[Saved data entries]
== == ==

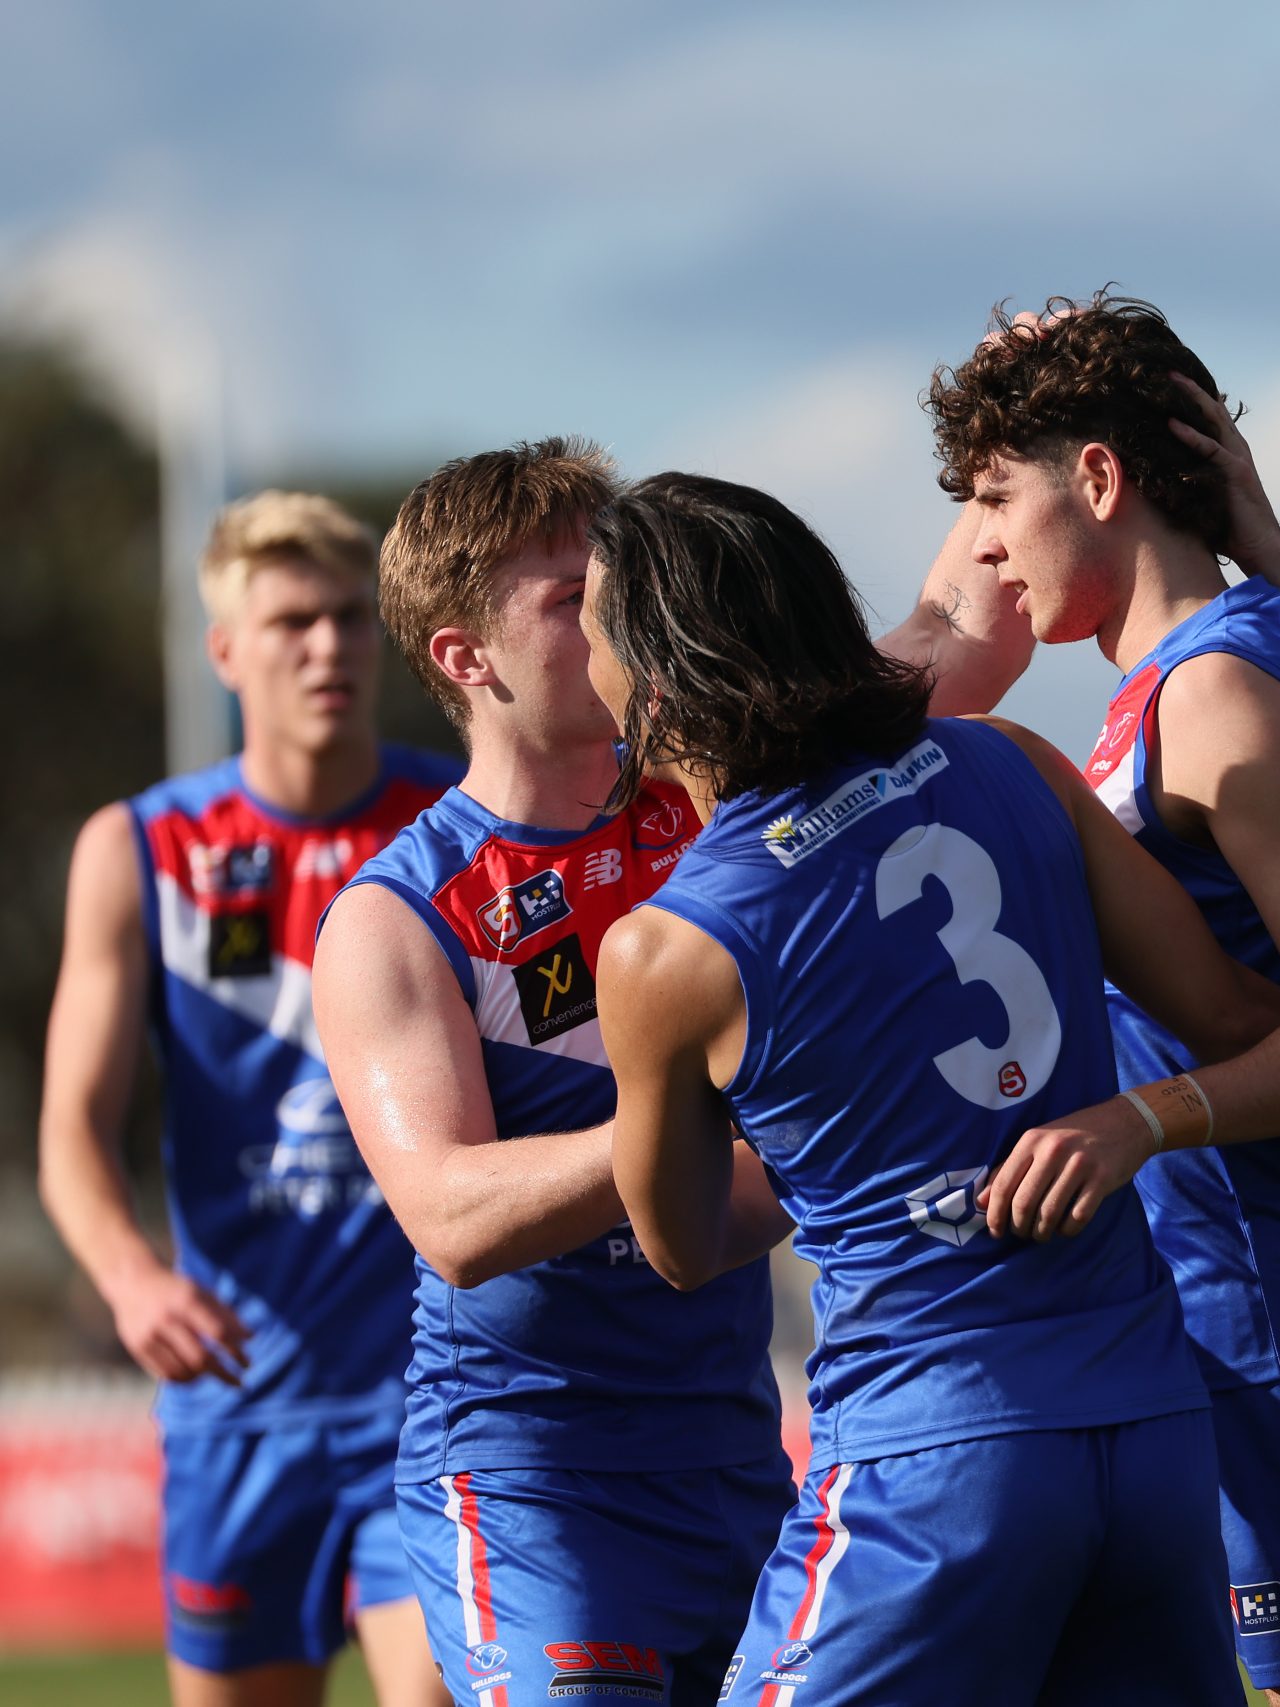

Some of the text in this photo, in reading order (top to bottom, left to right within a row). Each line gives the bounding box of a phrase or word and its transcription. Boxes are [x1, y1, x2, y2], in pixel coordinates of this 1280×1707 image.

[774, 784, 877, 853] Williams
[650, 838, 697, 873] BULLD
[875, 822, 1062, 1111] 3
[1244, 1615, 1279, 1626] HOSTPLUS
[543, 1641, 664, 1679] SEM
[549, 1686, 592, 1698] GROUP
[596, 1685, 612, 1696] OF
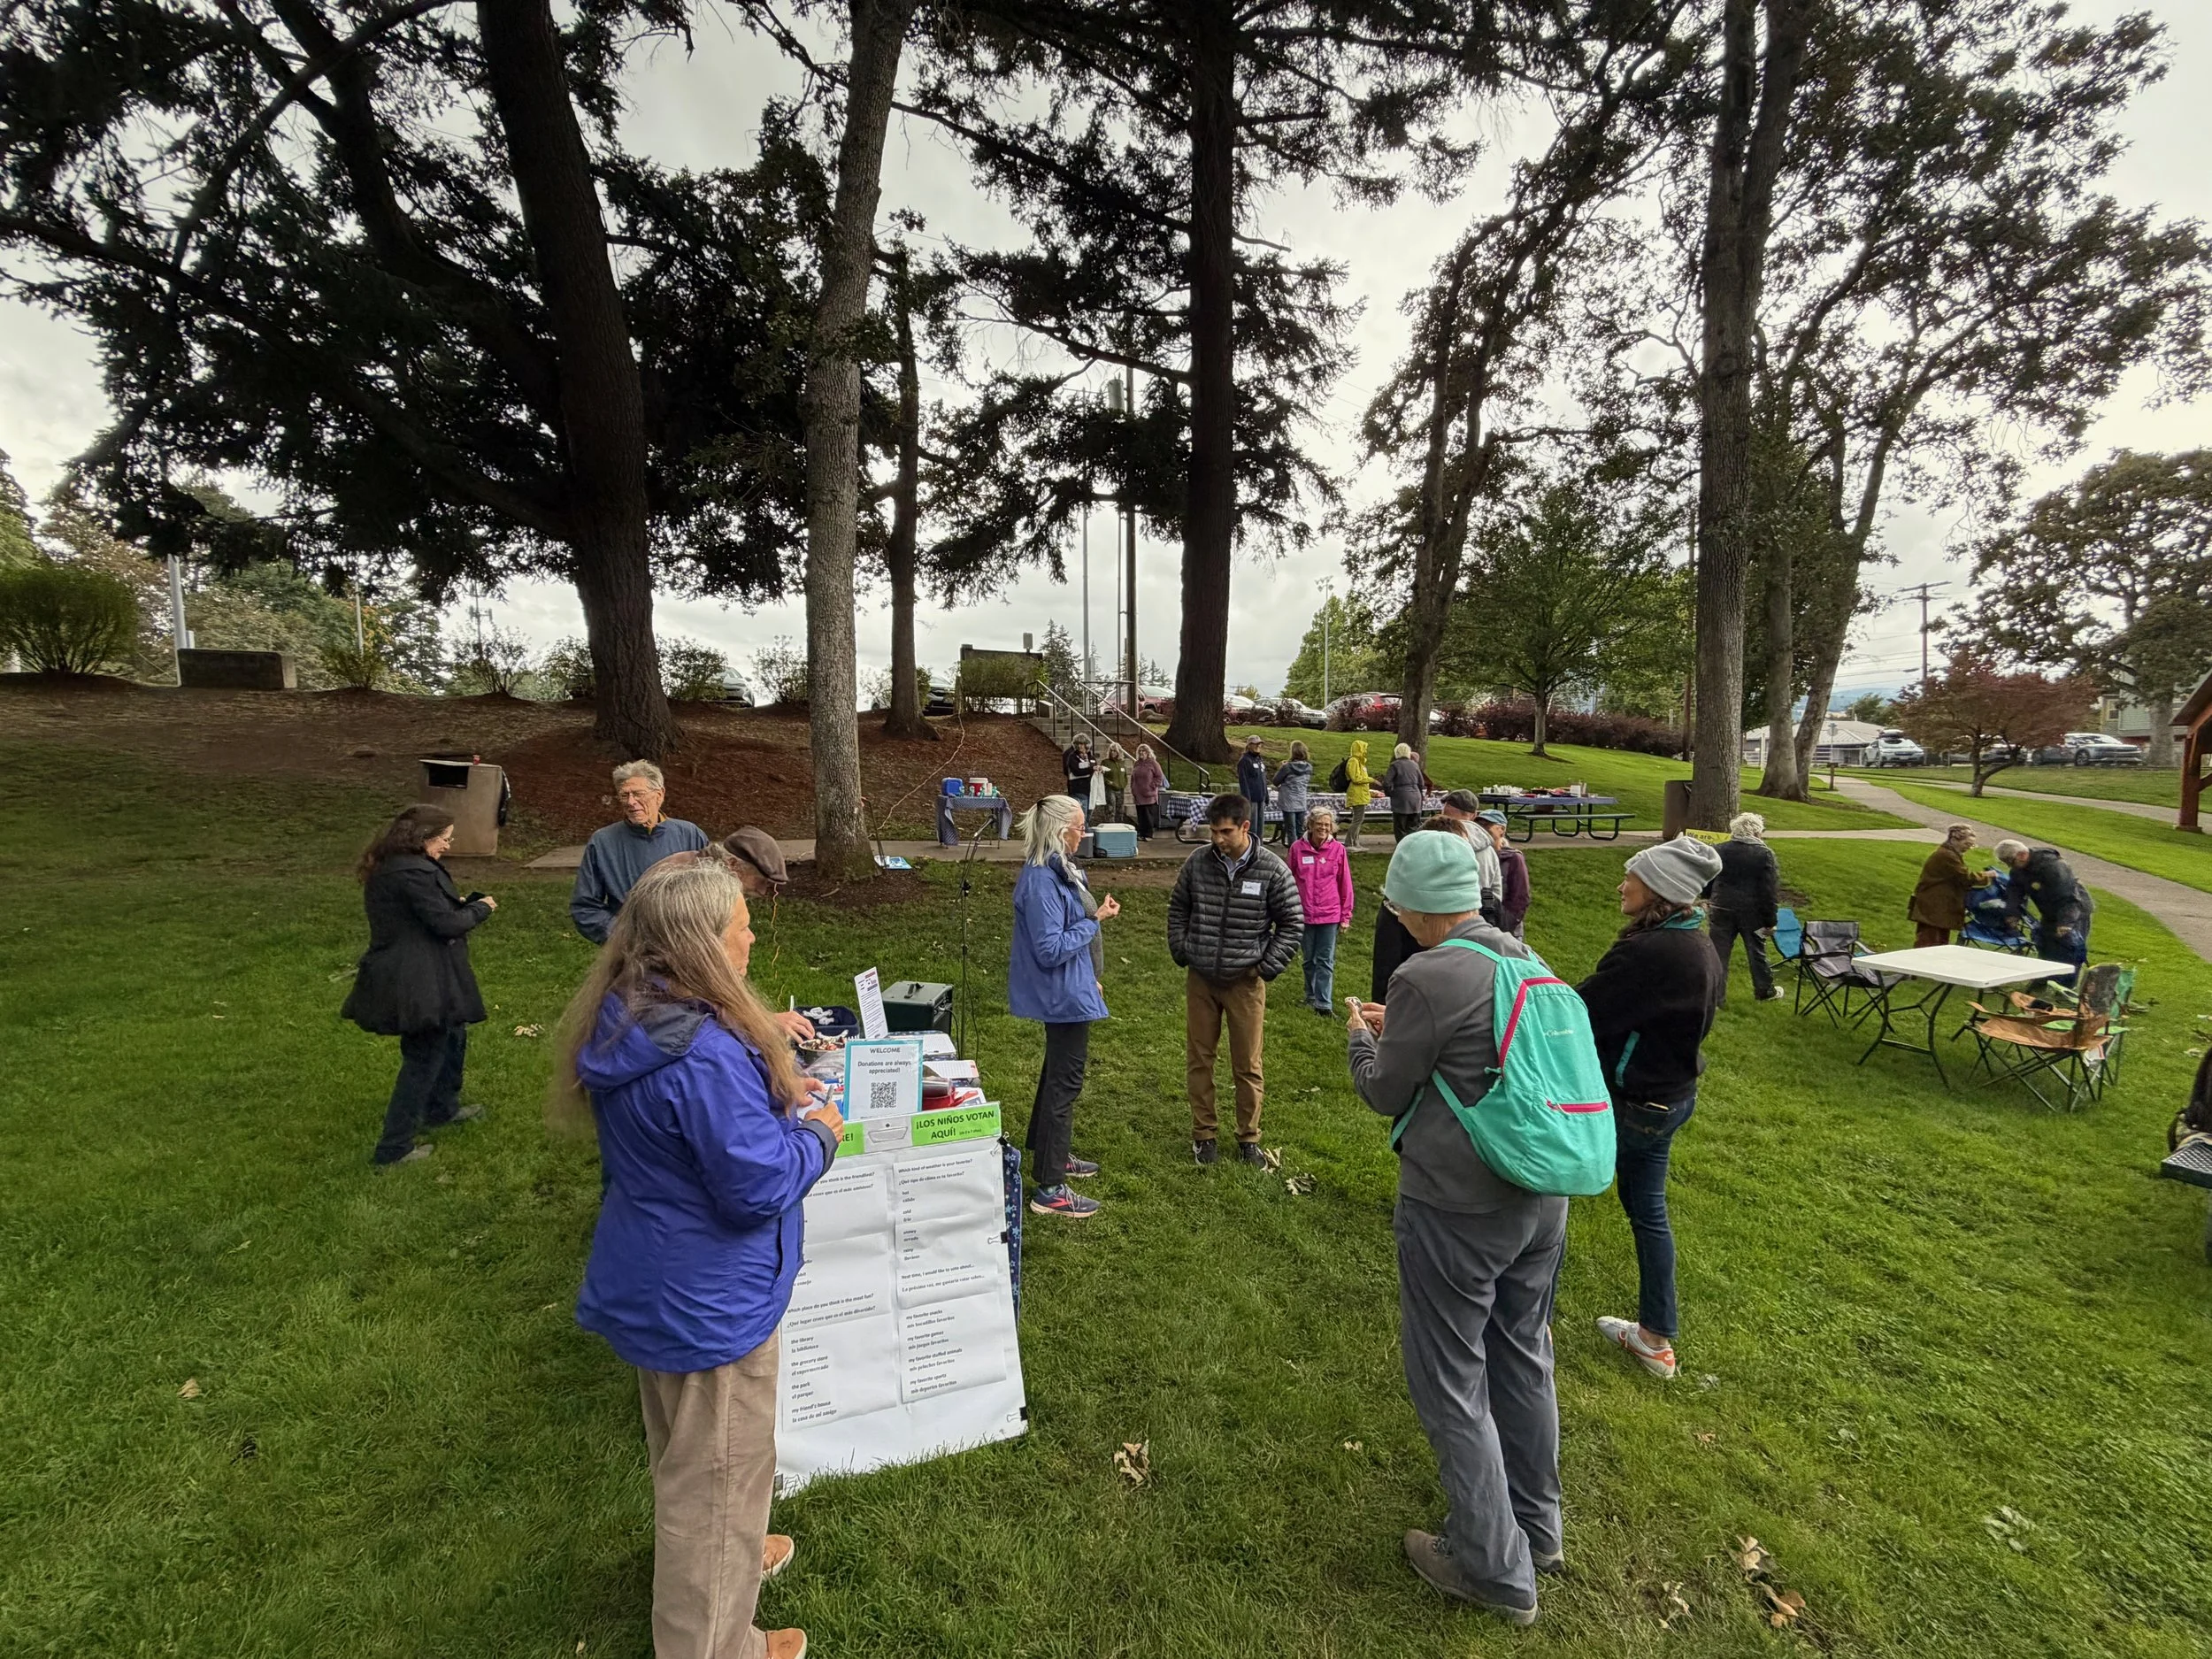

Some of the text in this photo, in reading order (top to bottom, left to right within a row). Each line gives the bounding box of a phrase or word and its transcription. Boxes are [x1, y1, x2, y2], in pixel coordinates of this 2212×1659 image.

[916, 1110, 995, 1130] ¡LOS NIÑOS VOTAN
[931, 1126, 956, 1140] AQUÍ!

== == ==

* Problem *
Only the text of the records belongs in your answer, repeated exactly; the pictures stay out.

* Exercise response *
Some of the text in this photo, in reading order (top to bottom, left to right within a row). Each line gives the bounding box of a phrase or word and its transcription. Boxes are [x1, y1, x2, y2], in pixel coordinates of this 1280×1707 image.

[774, 784, 877, 853] Williams
[650, 838, 697, 873] BULLD
[875, 822, 1062, 1111] 3
[1244, 1615, 1279, 1626] HOSTPLUS
[543, 1641, 664, 1679] SEM
[549, 1686, 592, 1698] GROUP
[596, 1685, 612, 1696] OF

Some of the text in this photo, in reading order (top to bottom, left to right within a row). Each line gives the bounding box of a phrase or word and its transcription. Boxes are [x1, y1, x2, y2], in pixel coordinates of this 2212×1659 image.

[916, 1110, 995, 1130] ¡LOS NIÑOS VOTAN
[931, 1126, 956, 1140] AQUÍ!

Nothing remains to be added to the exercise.